General Mills is one of the largest producers of packaged groceries in the world, and is most well known for its extremely popular line of breakfast cereals, including Cheerios, Wheaties, and Lucky Charms. General Mills currently trades at around $40, yields 3.3%, and analysts are projecting a 6% annual growth rate over the next 3 years. Kraft is an even larger food and beverage company, and was the latest addition to the Dow 30, after the deletion of AIG a few years ago. Kraft's most well-known product lines are Oreo and Nabisco cookies, Philadelphia cream cheese, and Maxwell House coffee. Currently trading at around $41 with a 2.79% yield, Kraft is projected to grow slightly faster than General Mills, at around 8% per year. Now let's compare the history of these companies and see how they have done for investors in the past. Note that we can only do a 10-year comparison for these two, as Kraft didn't go public until 2001.
From the 10-year period between 2002 and 2012, General Mills' share price has climbed from $25.86 to $40.11, which is around a 5% annualized gain in share price, easily outperforming Kraft, which gained only 2.3% annually during the same time period.
The combination of share price gains with adequate yield is the goal of most retirement portfolios, so let's examine Kraft's track record in this area.
This is a plot of KFT's quarterly dividend over the past 10 years:
The dividend was never decreased throughout the entire period, every single year. However, the quarterly dividend has been stuck at $0.29 per share since 2009, indicating that the company may not be as confident in its recovery from the recession as Pepsi and Coke both seem to be. On average, the dividend was increased 7.02% per year, which is very impressive income growth for prospective investors. However, the lack of dividend increases over the past 4 years is a cause for concern.
In a very surprising contrast, General Mills has raised its dividend every year since 2003 by an average of 9.21% per year. Even more remarkable is that they have raised the dividend by an average of 11.39% every year since 2009.
So, this seems like a much easier decision than Pepsi or Coke. Not only has General Mills increased the value of its shares at almost twice the rate of Kraft, but it has a much better track record of increasing its payout to shareholders. To illustrate this difference, let's see how a hypothetical $10,000 investment in 2002 would have done, assuming all dividends were reinvested.
This historical comparison is not even close. An investor in Kraft would have seen gains of $1,916.60, which pales in comparison to the $6,933.65 gain in General Mills. I was surprised at the results of this backtest, since I always thought of Kraft to be a better company (being a Dow component and a larger company).

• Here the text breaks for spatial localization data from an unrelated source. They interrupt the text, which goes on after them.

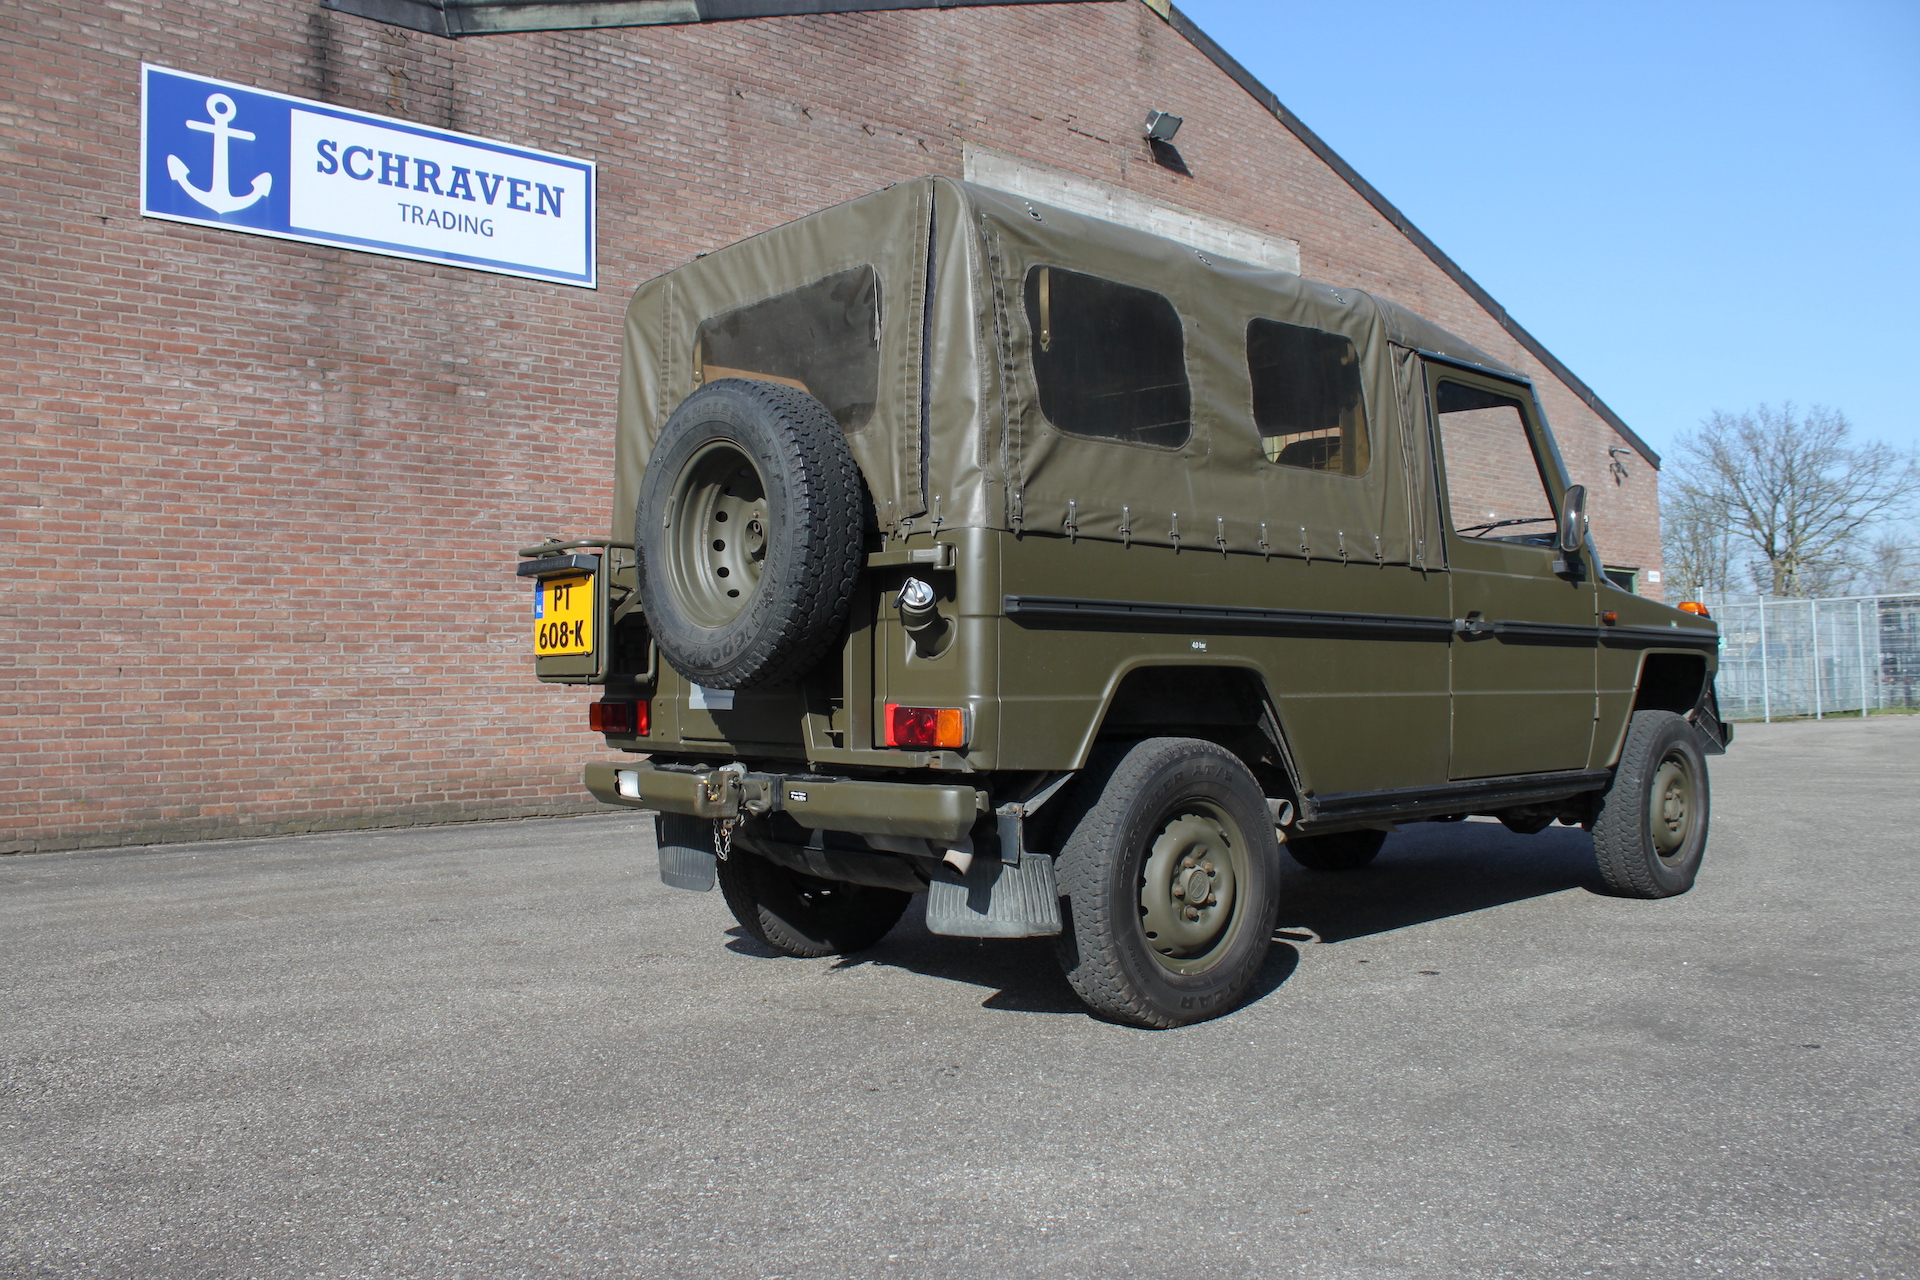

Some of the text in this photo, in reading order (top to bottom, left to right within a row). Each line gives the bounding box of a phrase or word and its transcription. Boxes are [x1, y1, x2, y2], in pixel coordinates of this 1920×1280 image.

[316, 138, 565, 218] SCHRAVEN
[398, 203, 494, 237] TRADING
[536, 605, 543, 613] NL
[554, 583, 573, 612] PT
[539, 620, 584, 650] 608-K
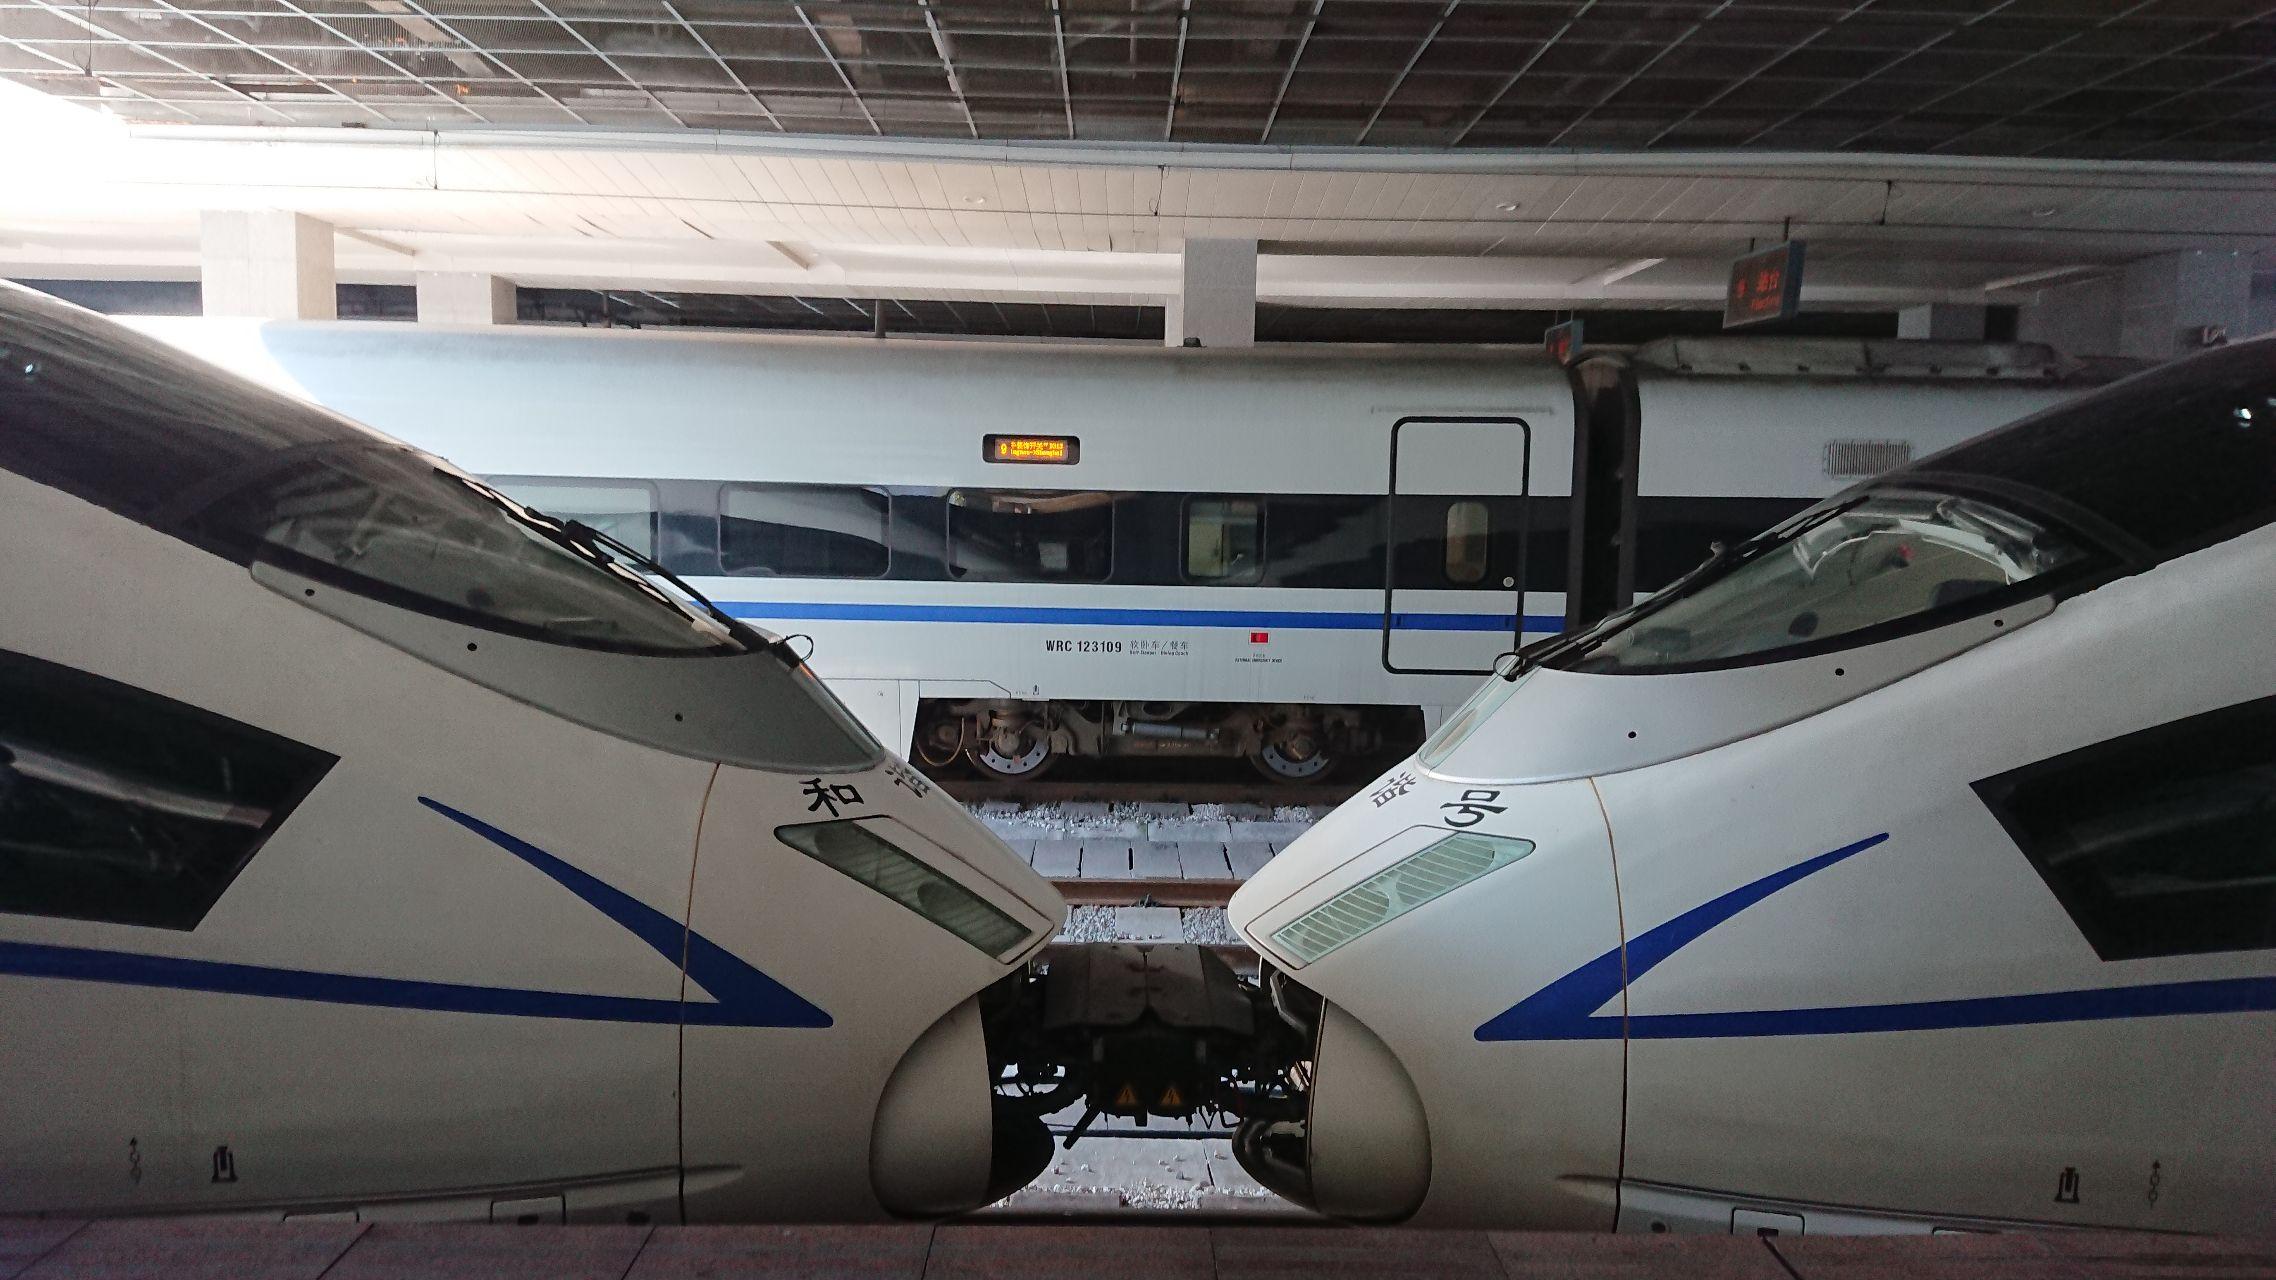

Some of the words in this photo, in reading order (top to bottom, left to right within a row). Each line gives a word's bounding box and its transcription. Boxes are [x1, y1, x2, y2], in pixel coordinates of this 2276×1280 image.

As a result of this analysis, I have to conclude that General Mills is the better bet for long-term appreciation. The company has a much better record of producing value for its shareholders even during tough economic times. However, these companies both lose over the long term to Coke and Pepsi, which have both appreciated in price around 7% per year, and have a 20-year track record of increasing their dividend by around 10% per year. Having said that, is there any harm in holding 2, 3 or even all 4 of these stocks in your portfolio? Absolutely not!